Top of Material shown

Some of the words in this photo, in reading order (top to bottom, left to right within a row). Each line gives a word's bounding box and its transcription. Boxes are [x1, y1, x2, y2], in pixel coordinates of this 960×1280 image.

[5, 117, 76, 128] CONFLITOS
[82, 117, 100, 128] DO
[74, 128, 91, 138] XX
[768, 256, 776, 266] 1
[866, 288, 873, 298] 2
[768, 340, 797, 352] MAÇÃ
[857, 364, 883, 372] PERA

Bottom of Material shown

**Your goal:**
Please repeat the records so that each one reads exactly as it does above.

**Exercise response:**
Some of the words in this photo, in reading order (top to bottom, left to right within a row). Each line gives a word's bounding box and its transcription. Boxes are [x1, y1, x2, y2], in pixel coordinates of this 960×1280 image.

[5, 117, 76, 128] CONFLITOS
[82, 117, 100, 128] DO
[74, 128, 91, 138] XX
[768, 256, 776, 266] 1
[866, 288, 873, 298] 2
[768, 340, 797, 352] MAÇÃ
[857, 364, 883, 372] PERA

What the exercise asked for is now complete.